Sehr geehrte Kolleginnen und Kollegen,

das Finanzgericht Münster musste sich mit einem Anwendungsfall des Kirchensteuerüberhangs beschäftigen und entschied dabei, dass eine gesetzlich angeordnete Hinzurechnung des Kirchensteuerüberhangs – auch – eintreten kann, wenn die Steuerpflichtigen negative Einkünfte im Veranlagungszeitraum der Kirchensteuerzahlung aufwiesen, so dass sich der Sonderausgabenabzug gar nicht auswirkte (FG Münster vom 7.7.2020, 6 K 2090/17 E). Man könnte also als Tenor festhalten: „Das Veranlagungsprinzip verdrängt die Gleichmäßigkeit der steuerlichen Auswirkungen“.


Sachverhalt 
Die gemeinsam zur Einkommensteuer veranlagten Ehegatten zahlten im Jahr 2014 hohe Kirchensteuern für 2013, die zu einem erheblichen Teil auf einen Veräußerungsgewinn aus „17ner GmbH-Anteilen“ entfielen. Für 2014 wirkten sich die Zahlungen nicht in vollem Umfang auf den Sonderausgabenabzug aus, weil der Gesamtbetrag der Einkünfte niedriger war als die Kirchensteuern. Im Veranlagungszeitraum 2015 waren die Erstattungen der in 2014 gezahlten Kirchensteuern höher als die in 2015 gezahlten Kirchensteuern. Den Erstattungsüberhang rechnete das Finanzamt dem Gesamtbetrag der Einkünfte hinzu (§ 10 Abs. 4b Satz 3 EStG).
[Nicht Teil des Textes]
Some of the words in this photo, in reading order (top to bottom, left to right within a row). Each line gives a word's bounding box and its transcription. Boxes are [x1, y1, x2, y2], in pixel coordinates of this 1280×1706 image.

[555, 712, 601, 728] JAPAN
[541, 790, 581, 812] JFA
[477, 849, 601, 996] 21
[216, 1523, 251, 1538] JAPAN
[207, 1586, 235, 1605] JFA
Die Ehegatten forderten eine teleologisch reduzierte Anwendung der Hinzurechnung eines Kirchensteuerüberhangs auf die Anwendungsfälle, in denen sich die Kirchensteuerzahlung auch tatsächlich bei der Steuerbelastung auswirkt hatte.

Das Finanzamt lehnte diese Auffassung im Einspruchsverfahren mit der Begründung ab, dass das Prinzip der Abschnittsbesteuerung dazu führt, dass eine unabhängige, d. h. getrennte, Anwendung von (i) Zahlungsjahr und (ii) Erstattungsjahr zur Anwendung kommt.
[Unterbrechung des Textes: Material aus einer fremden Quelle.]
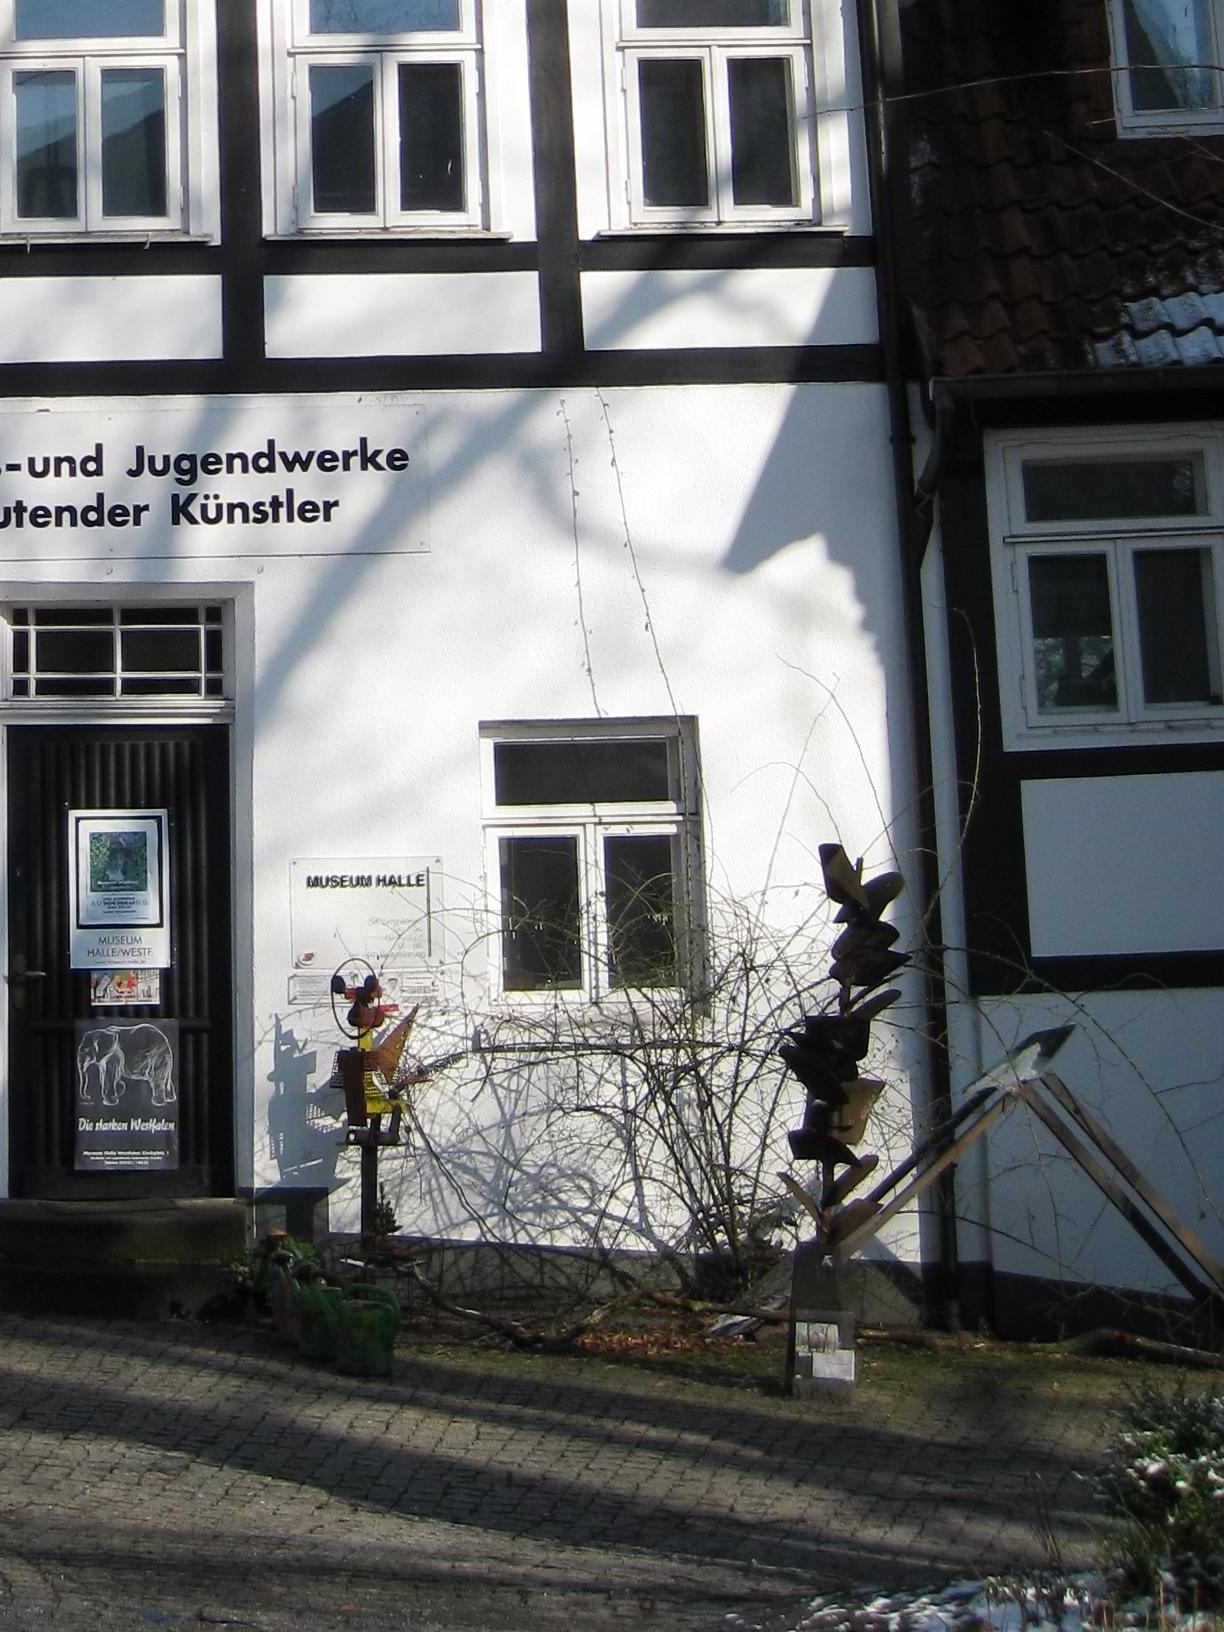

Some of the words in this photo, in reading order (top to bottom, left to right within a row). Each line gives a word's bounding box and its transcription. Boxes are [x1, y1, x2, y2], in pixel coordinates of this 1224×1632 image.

[126, 437, 410, 486] Jugendwerke
[170, 483, 339, 526] Künstler
[306, 874, 373, 888] MUSEUM
[376, 873, 425, 887] HALLE
[98, 935, 143, 945] MUSEUM
[78, 1117, 94, 1131] Die
[94, 1117, 129, 1131] starken
[130, 1117, 175, 1134] Westfalen
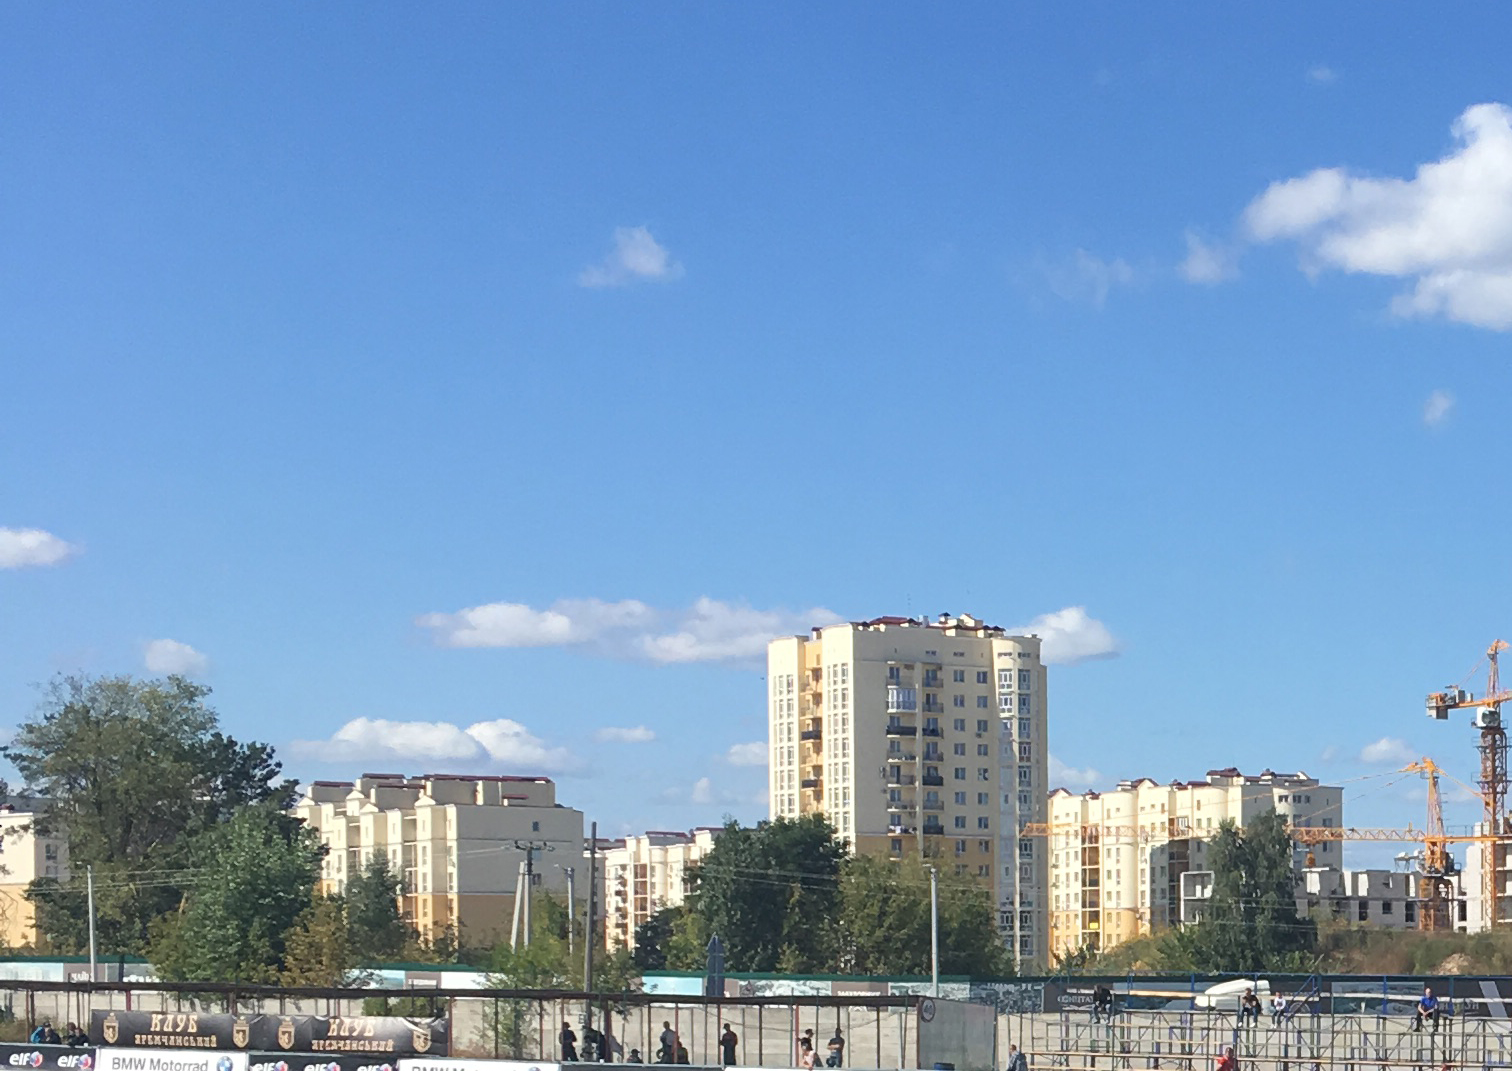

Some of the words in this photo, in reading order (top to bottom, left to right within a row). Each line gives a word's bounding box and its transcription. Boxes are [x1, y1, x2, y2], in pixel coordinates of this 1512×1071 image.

[150, 1013, 198, 1033] КЛУБ
[328, 1017, 376, 1037] КЛУБ
[9, 1053, 30, 1066] elf
[58, 1054, 79, 1068] elf
[112, 1057, 146, 1071] BMW
Das FG Münster hat die Auffassung der Ehegatten abgewiesen und dem Finanzamt Recht zugesprochen. Unstreitig liege ein nach dem Gesetzeswortlaut hinzuzurechnender Kirchensteuer-Erstattungsüberhang vor. Eine Korrektur im Wege der teleologischen Reduktion komme nicht in Betracht. Das Gesetz verfolge den Zweck, den Steuervollzug dadurch zu vereinfachen, dass Steuerfestsetzungen für frühere Jahre nicht wieder aufgerollt werden. Von diesem Zweck sei es nicht gedeckt, dass zunächst geprüft werden müsse, ob sich die Kirchensteuern in früheren Jahren ausgewirkt haben oder nicht.
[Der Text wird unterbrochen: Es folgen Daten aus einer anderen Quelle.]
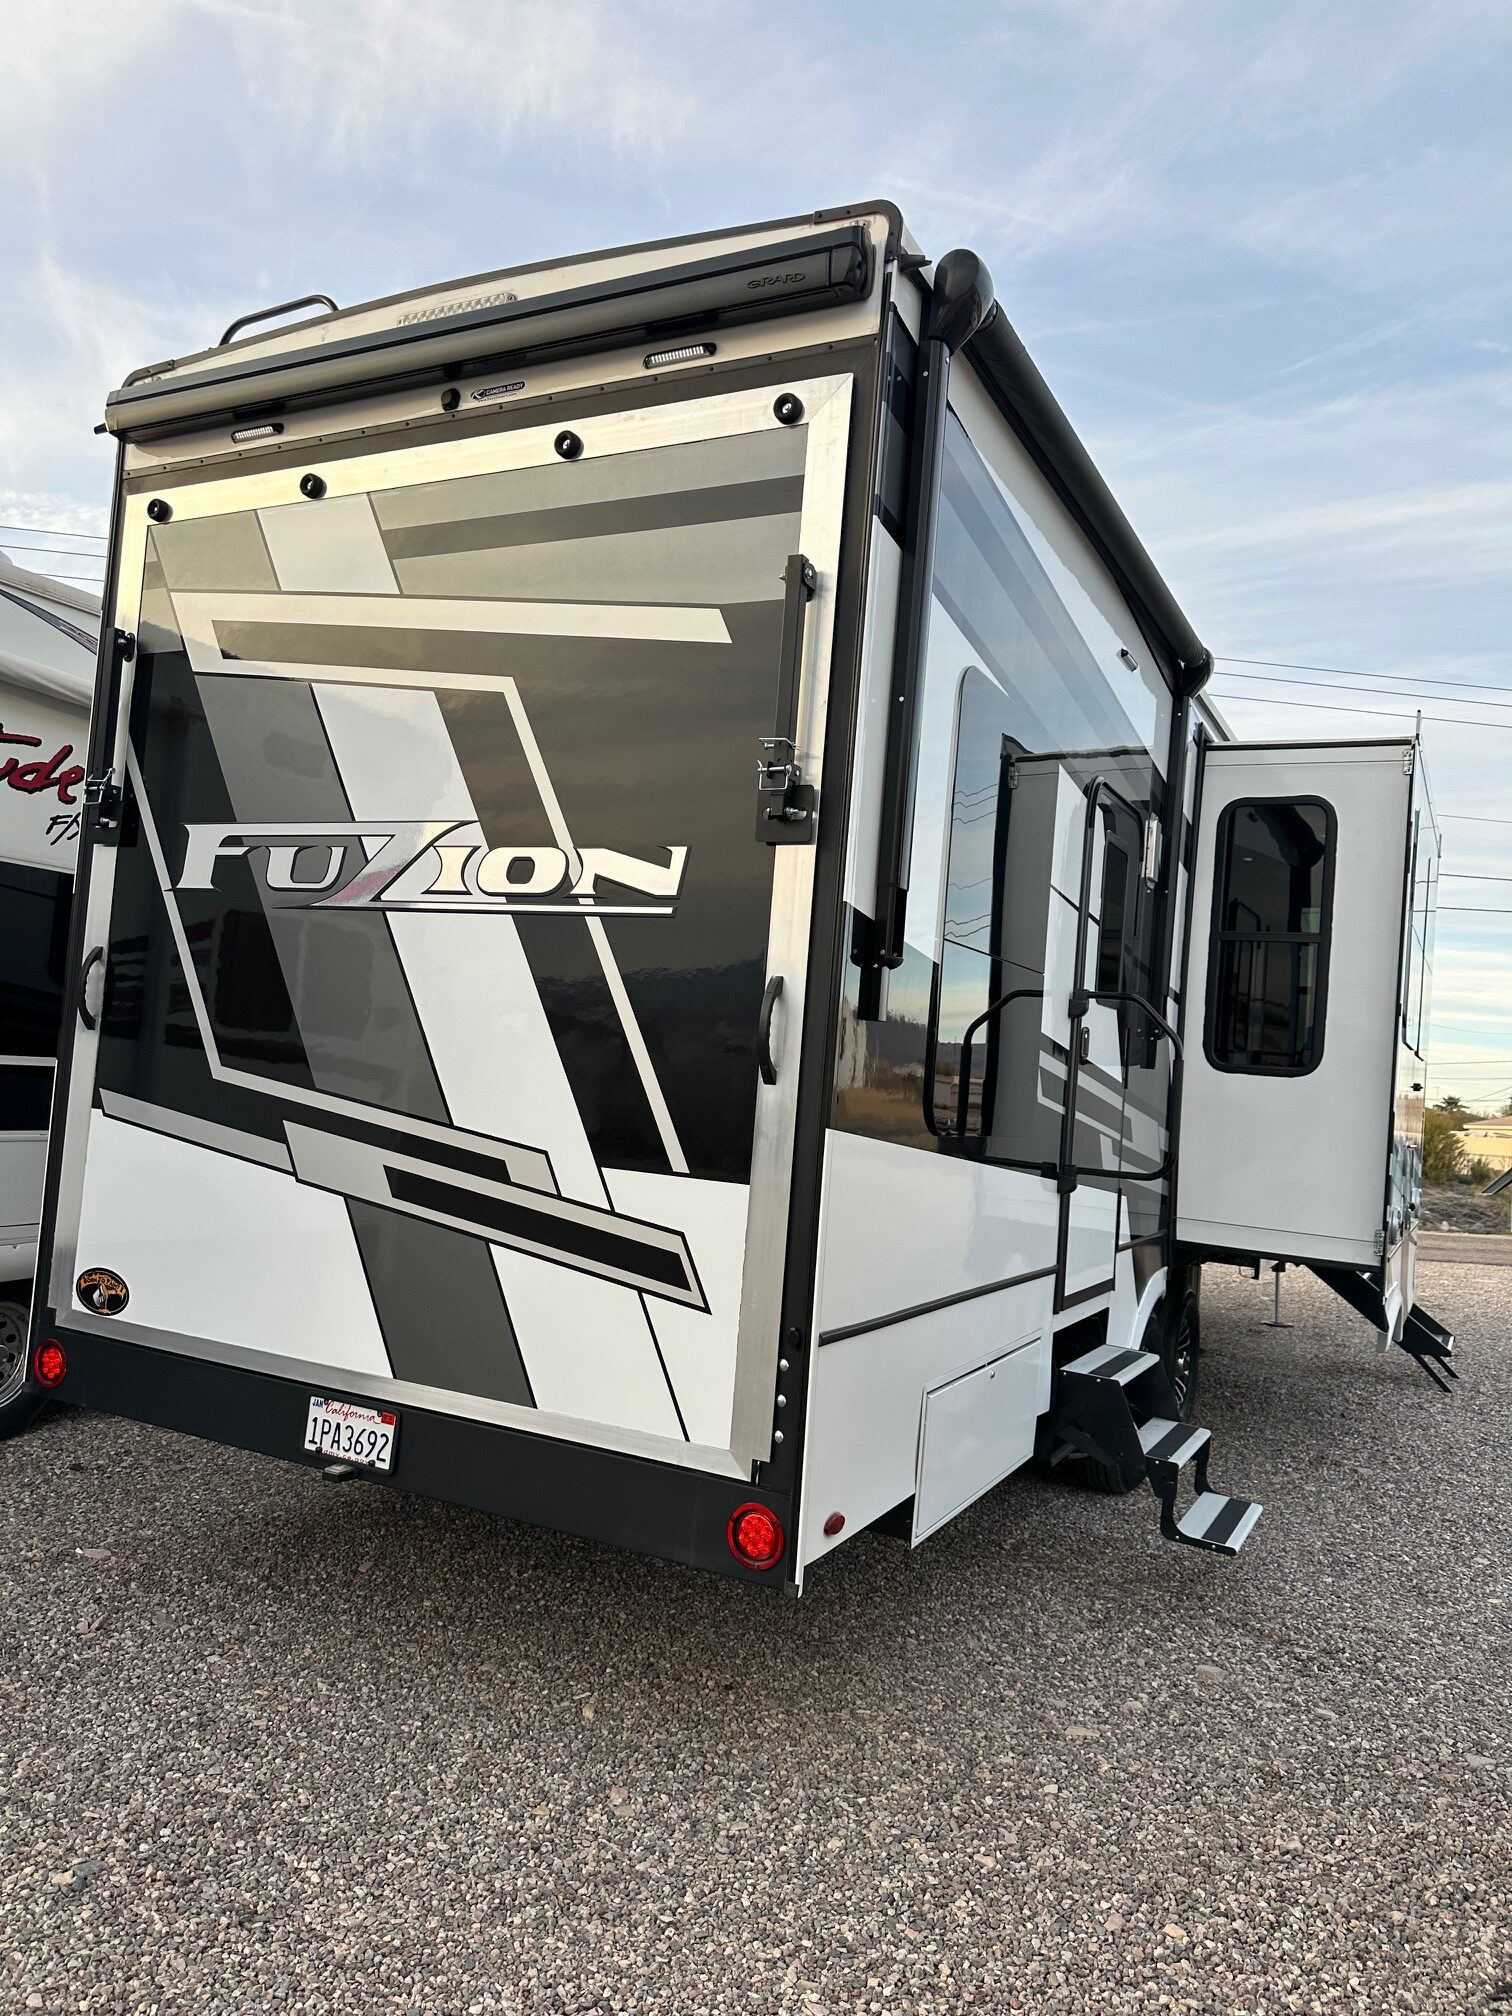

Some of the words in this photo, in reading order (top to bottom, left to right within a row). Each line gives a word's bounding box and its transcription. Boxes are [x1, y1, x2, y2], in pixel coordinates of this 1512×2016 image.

[486, 386, 507, 395] CAMERA
[507, 382, 524, 391] READY
[166, 820, 693, 918] FUZION
[312, 1398, 324, 1408] JAN
[325, 1399, 382, 1424] California
[308, 1416, 390, 1463] 1PA3692
Ein Kirchensteuer-Erstattungsüberhang ist auch insoweit dem Gesamtbetrag der Einkünfte hinzuzurechnen, als sich die Kirchensteuer im Zahlungsjahr wegen eines negativen zu versteuernden Einkommens nicht ausgewirkt hat (§ 10 Abs. 4b Satz 3 EStG).

Lösung 
Die Ehegatten haben die erhöhte Einkommensteuernachzahlung des Veranlagungsjahres 2015 zu bezahlen.